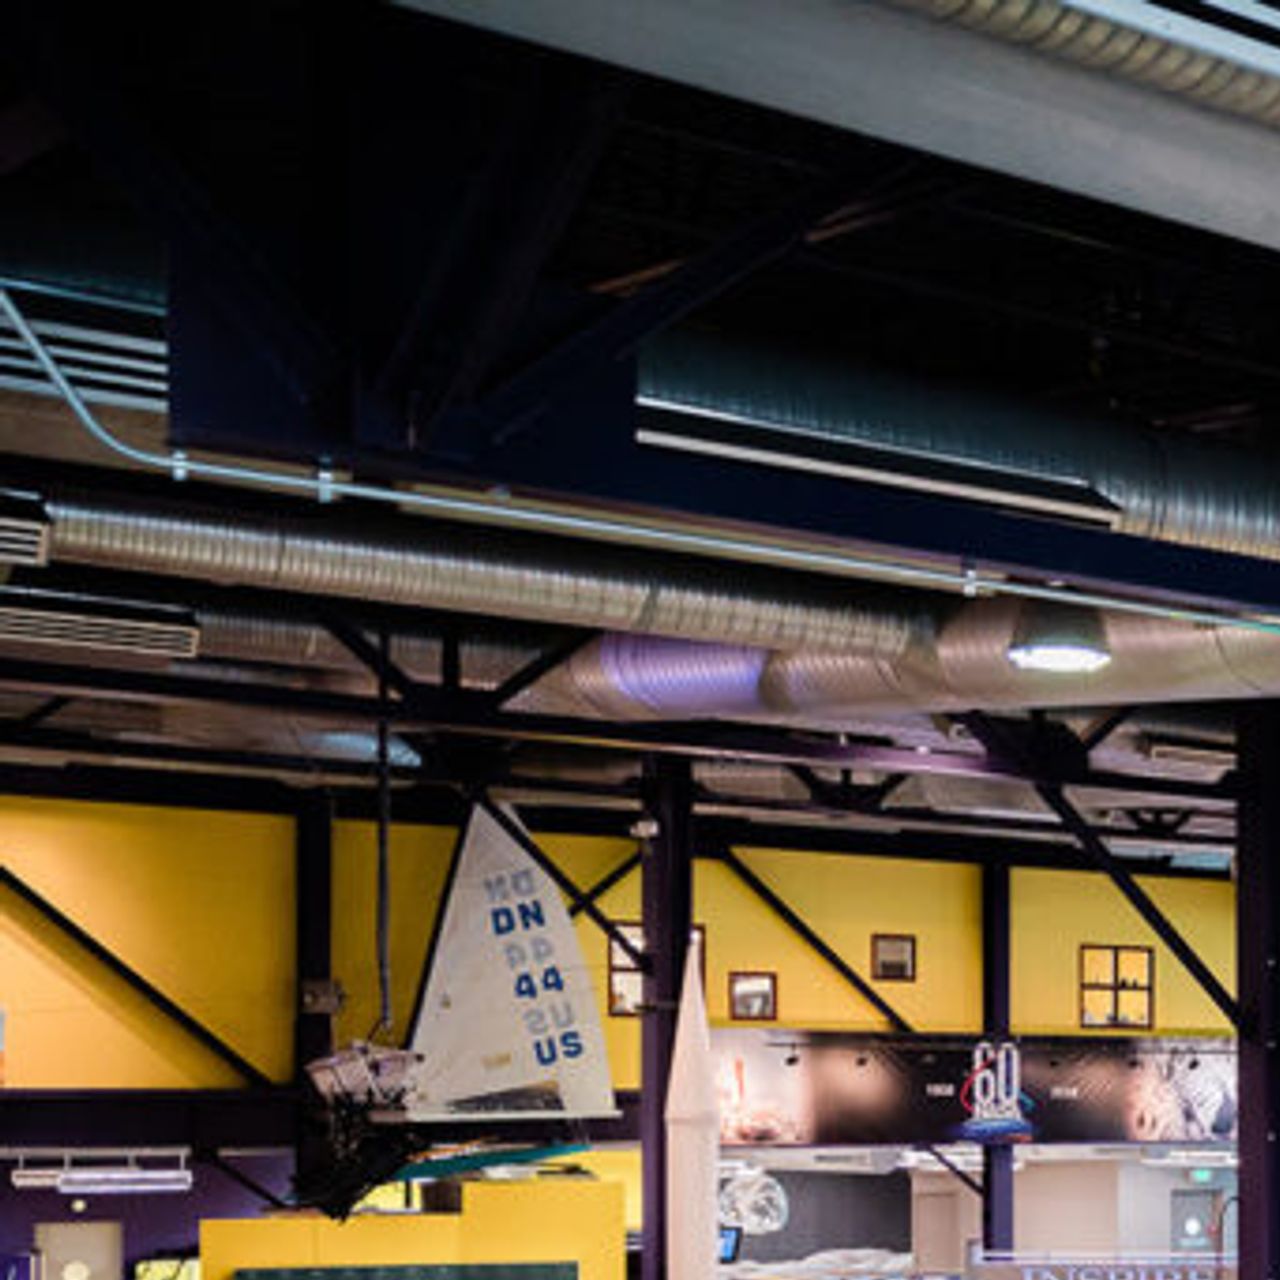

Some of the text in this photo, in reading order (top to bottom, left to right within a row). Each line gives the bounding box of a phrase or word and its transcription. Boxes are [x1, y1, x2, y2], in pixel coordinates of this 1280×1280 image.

[492, 901, 545, 935] DN
[515, 965, 564, 999] 44
[534, 1031, 584, 1066] US
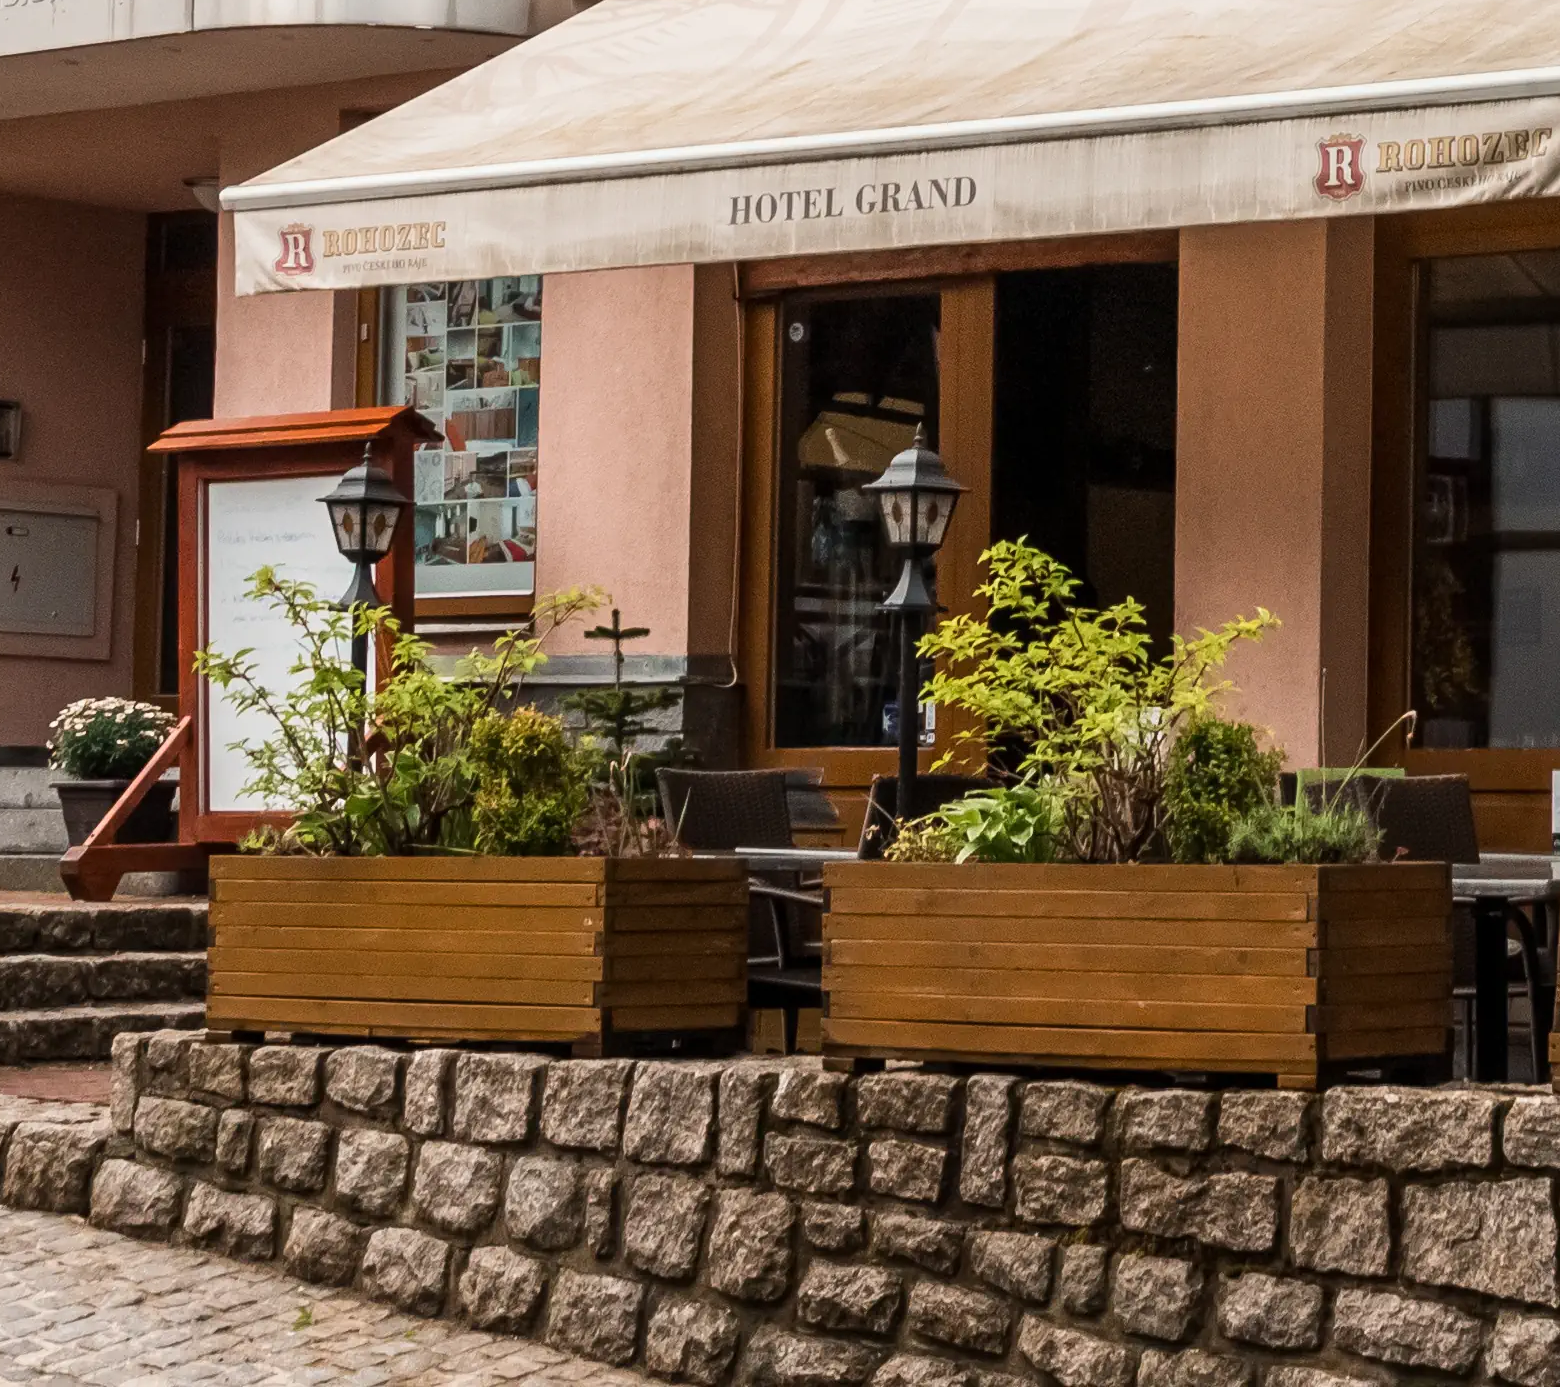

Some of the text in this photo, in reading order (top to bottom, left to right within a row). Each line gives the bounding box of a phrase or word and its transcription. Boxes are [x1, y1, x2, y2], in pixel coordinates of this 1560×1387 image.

[1324, 128, 1553, 188] R ROHOZEC
[728, 175, 978, 227] HOTEL GRAND
[1405, 179, 1435, 193] PIVO
[322, 221, 448, 258] ROHOZEC
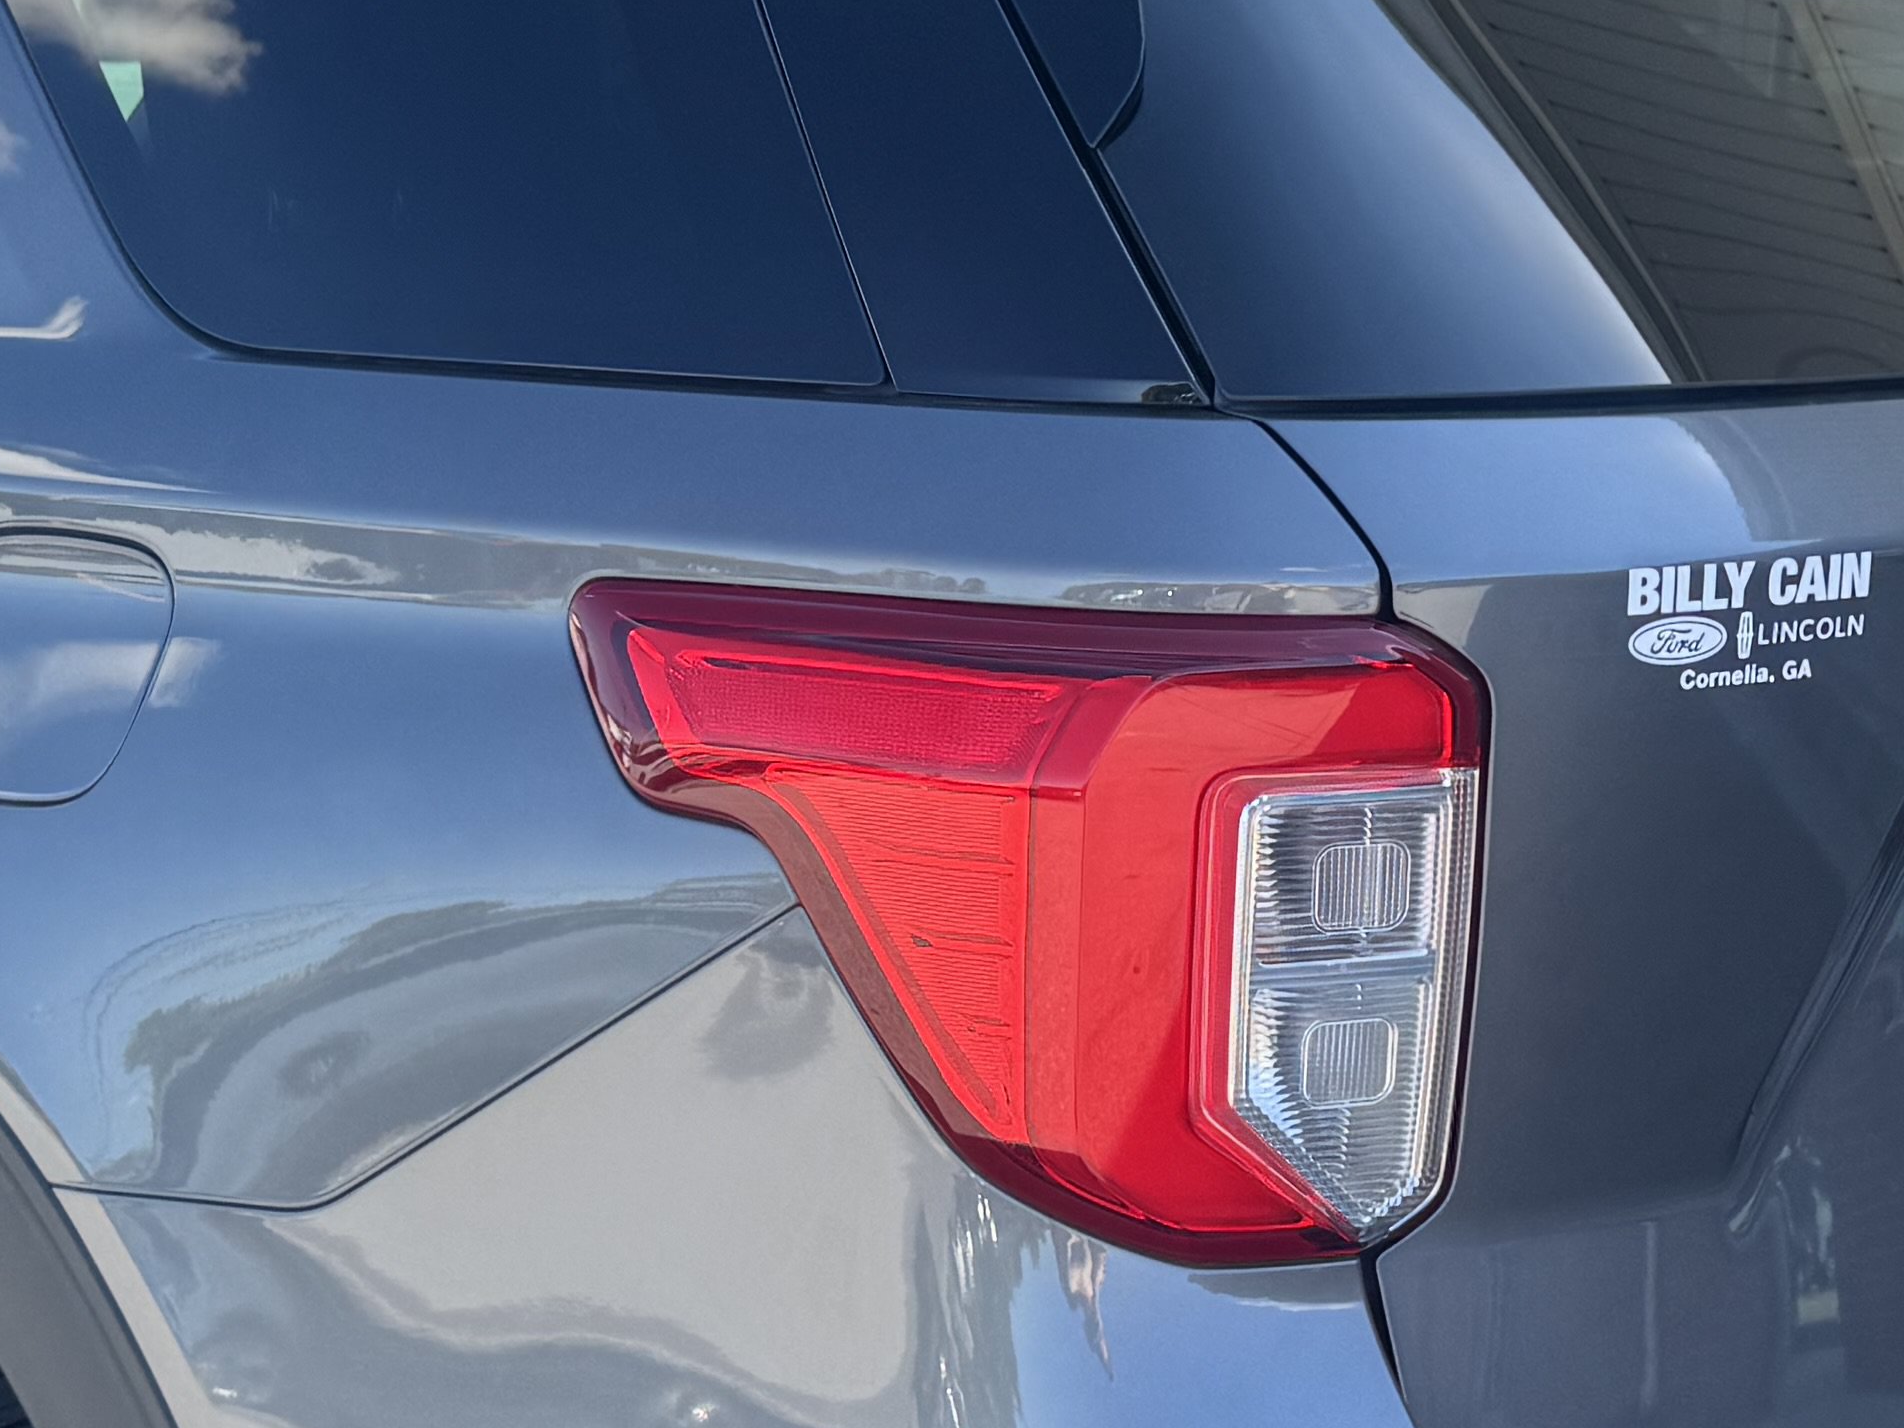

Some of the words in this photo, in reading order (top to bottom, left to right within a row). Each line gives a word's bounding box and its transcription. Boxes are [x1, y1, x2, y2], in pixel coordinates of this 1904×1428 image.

==================================================

• **Task item**: Return every line of the listing exactly, leaving its pictures behind.

• **Result of the task**:
Some of the text in this photo, in reading order (top to bottom, left to right within a row). Each line gives the bounding box of a phrase or word and its transcription. Boxes are [x1, y1, x2, y2], in pixel coordinates of this 1280×1280 image.

[492, 901, 545, 935] DN
[515, 965, 564, 999] 44
[534, 1031, 584, 1066] US

Some of the text in this photo, in reading order (top to bottom, left to right within a row). Each line gives the bounding box of a phrase or word and its transcription. Boxes are [x1, y1, x2, y2], in pixel coordinates of this 1560×1387 image.

[1324, 128, 1553, 188] R ROHOZEC
[728, 175, 978, 227] HOTEL GRAND
[1405, 179, 1435, 193] PIVO
[322, 221, 448, 258] ROHOZEC

Some of the words in this photo, in reading order (top to bottom, left to right within a row). Each line gives a word's bounding box and its transcription. Boxes are [x1, y1, x2, y2], in pixel coordinates of this 1904×1428 image.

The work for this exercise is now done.